_ENTRIES SUPPLIED_

_ _ _ _ _ _ _

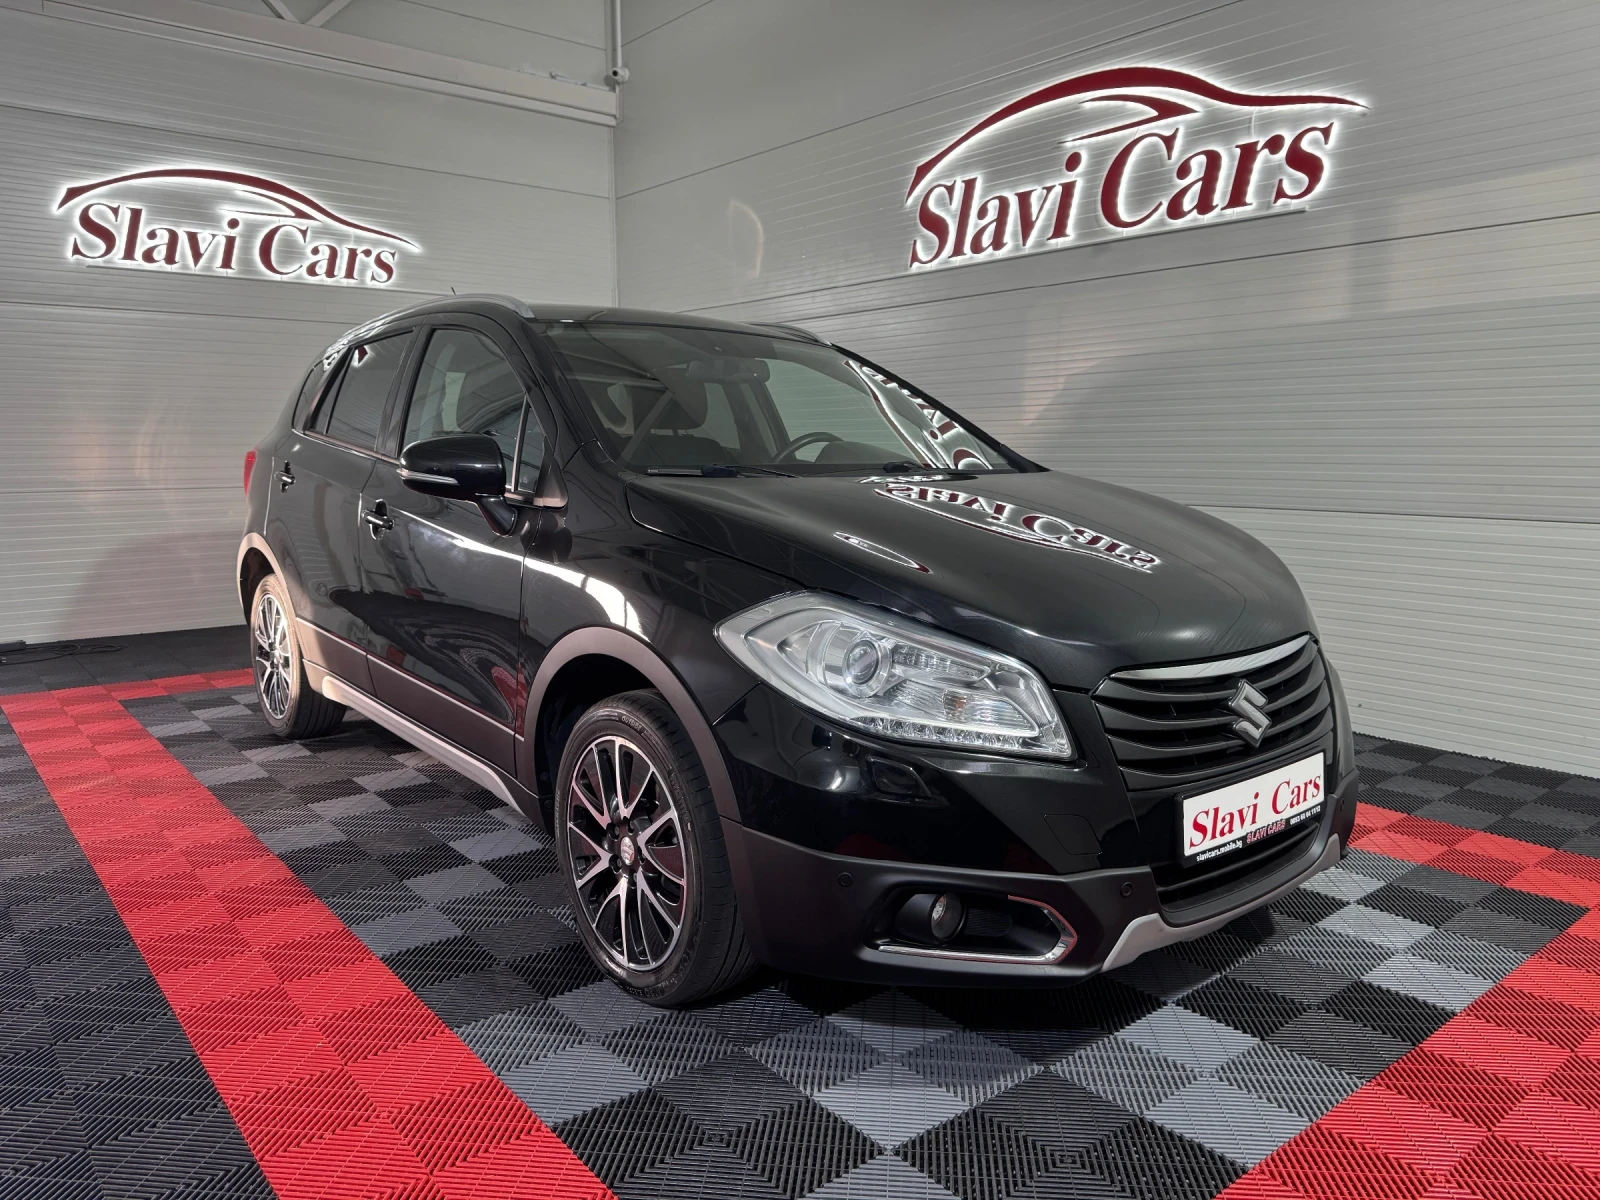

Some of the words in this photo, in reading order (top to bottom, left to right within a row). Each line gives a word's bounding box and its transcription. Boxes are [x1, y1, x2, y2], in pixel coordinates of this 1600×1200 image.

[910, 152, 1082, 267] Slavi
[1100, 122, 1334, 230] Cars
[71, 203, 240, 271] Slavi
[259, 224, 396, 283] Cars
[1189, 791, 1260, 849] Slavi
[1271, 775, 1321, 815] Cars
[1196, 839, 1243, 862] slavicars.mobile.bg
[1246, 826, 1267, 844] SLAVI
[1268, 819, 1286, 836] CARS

_ _ _ _ _ _ _

_AIM OF THE EXERCISE_
Please return the records as they stand, word for word, with no pictures.

_TASK RESULT_
Some of the words in this photo, in reading order (top to bottom, left to right within a row). Each line gives a word's bounding box and its transcription. Boxes are [x1, y1, x2, y2], in pixel coordinates of this 1600×1200 image.

[910, 152, 1082, 267] Slavi
[1100, 122, 1334, 230] Cars
[71, 203, 240, 271] Slavi
[259, 224, 396, 283] Cars
[1189, 791, 1260, 849] Slavi
[1271, 775, 1321, 815] Cars
[1196, 839, 1243, 862] slavicars.mobile.bg
[1246, 826, 1267, 844] SLAVI
[1268, 819, 1286, 836] CARS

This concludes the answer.